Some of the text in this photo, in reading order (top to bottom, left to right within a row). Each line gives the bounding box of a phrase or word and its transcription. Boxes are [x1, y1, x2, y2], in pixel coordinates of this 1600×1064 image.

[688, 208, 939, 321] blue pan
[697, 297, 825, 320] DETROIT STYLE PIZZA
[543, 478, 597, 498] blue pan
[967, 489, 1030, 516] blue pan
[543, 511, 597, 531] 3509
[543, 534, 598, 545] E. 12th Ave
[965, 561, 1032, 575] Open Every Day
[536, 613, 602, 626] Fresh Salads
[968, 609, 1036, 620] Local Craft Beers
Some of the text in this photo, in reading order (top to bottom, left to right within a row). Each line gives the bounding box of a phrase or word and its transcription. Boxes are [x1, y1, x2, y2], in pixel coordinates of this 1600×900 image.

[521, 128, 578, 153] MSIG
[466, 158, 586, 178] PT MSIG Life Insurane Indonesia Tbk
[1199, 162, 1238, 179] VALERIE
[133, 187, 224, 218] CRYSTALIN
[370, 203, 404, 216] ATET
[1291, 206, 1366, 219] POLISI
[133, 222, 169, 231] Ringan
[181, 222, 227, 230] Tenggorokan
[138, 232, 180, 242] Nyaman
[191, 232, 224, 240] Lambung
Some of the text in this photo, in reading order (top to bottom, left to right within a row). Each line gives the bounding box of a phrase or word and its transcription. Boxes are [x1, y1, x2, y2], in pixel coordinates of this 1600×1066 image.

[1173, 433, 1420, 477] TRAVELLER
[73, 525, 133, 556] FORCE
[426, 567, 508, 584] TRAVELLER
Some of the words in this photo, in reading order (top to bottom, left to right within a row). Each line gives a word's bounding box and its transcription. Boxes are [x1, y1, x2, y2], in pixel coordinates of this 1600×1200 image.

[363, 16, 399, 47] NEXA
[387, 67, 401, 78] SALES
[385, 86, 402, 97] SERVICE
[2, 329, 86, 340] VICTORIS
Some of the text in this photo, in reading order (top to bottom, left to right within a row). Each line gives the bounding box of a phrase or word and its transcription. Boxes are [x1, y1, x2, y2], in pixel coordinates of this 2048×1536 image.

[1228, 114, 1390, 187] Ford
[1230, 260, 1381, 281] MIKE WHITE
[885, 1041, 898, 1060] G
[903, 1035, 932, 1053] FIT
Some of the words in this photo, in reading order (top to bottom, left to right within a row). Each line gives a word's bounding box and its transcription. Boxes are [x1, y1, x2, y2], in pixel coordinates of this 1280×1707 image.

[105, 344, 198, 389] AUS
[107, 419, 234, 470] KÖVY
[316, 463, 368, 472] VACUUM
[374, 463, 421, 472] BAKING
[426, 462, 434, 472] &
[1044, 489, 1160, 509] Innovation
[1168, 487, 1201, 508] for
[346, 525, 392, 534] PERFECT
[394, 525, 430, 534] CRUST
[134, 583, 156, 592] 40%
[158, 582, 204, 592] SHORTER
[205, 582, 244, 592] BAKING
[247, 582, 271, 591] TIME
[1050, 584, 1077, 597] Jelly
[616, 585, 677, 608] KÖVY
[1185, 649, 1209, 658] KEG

=-=-=-=-=

- **Activity**
All of the material should be copied verbatim.

- **Exercise response**
Some of the text in this photo, in reading order (top to bottom, left to right within a row). Each line gives the bounding box of a phrase or word and its transcription. Boxes are [x1, y1, x2, y2], in pixel coordinates of this 1600×1064 image.

[688, 208, 939, 321] blue pan
[697, 297, 825, 320] DETROIT STYLE PIZZA
[543, 478, 597, 498] blue pan
[967, 489, 1030, 516] blue pan
[543, 511, 597, 531] 3509
[543, 534, 598, 545] E. 12th Ave
[965, 561, 1032, 575] Open Every Day
[536, 613, 602, 626] Fresh Salads
[968, 609, 1036, 620] Local Craft Beers
Some of the text in this photo, in reading order (top to bottom, left to right within a row). Each line gives the bounding box of a phrase or word and its transcription. Boxes are [x1, y1, x2, y2], in pixel coordinates of this 1600×900 image.

[521, 128, 578, 153] MSIG
[466, 158, 586, 178] PT MSIG Life Insurane Indonesia Tbk
[1199, 162, 1238, 179] VALERIE
[133, 187, 224, 218] CRYSTALIN
[370, 203, 404, 216] ATET
[1291, 206, 1366, 219] POLISI
[133, 222, 169, 231] Ringan
[181, 222, 227, 230] Tenggorokan
[138, 232, 180, 242] Nyaman
[191, 232, 224, 240] Lambung
Some of the text in this photo, in reading order (top to bottom, left to right within a row). Each line gives the bounding box of a phrase or word and its transcription. Boxes are [x1, y1, x2, y2], in pixel coordinates of this 1600×1066 image.

[1173, 433, 1420, 477] TRAVELLER
[73, 525, 133, 556] FORCE
[426, 567, 508, 584] TRAVELLER
Some of the words in this photo, in reading order (top to bottom, left to right within a row). Each line gives a word's bounding box and its transcription. Boxes are [x1, y1, x2, y2], in pixel coordinates of this 1600×1200 image.

[363, 16, 399, 47] NEXA
[387, 67, 401, 78] SALES
[385, 86, 402, 97] SERVICE
[2, 329, 86, 340] VICTORIS
Some of the text in this photo, in reading order (top to bottom, left to right within a row). Each line gives the bounding box of a phrase or word and its transcription. Boxes are [x1, y1, x2, y2], in pixel coordinates of this 2048×1536 image.

[1228, 114, 1390, 187] Ford
[1230, 260, 1381, 281] MIKE WHITE
[885, 1041, 898, 1060] G
[903, 1035, 932, 1053] FIT
Some of the words in this photo, in reading order (top to bottom, left to right within a row). Each line gives a word's bounding box and its transcription. Boxes are [x1, y1, x2, y2], in pixel coordinates of this 1280×1707 image.

[105, 344, 198, 389] AUS
[107, 419, 234, 470] KÖVY
[316, 463, 368, 472] VACUUM
[374, 463, 421, 472] BAKING
[426, 462, 434, 472] &
[1044, 489, 1160, 509] Innovation
[1168, 487, 1201, 508] for
[346, 525, 392, 534] PERFECT
[394, 525, 430, 534] CRUST
[134, 583, 156, 592] 40%
[158, 582, 204, 592] SHORTER
[205, 582, 244, 592] BAKING
[247, 582, 271, 591] TIME
[1050, 584, 1077, 597] Jelly
[616, 585, 677, 608] KÖVY
[1185, 649, 1209, 658] KEG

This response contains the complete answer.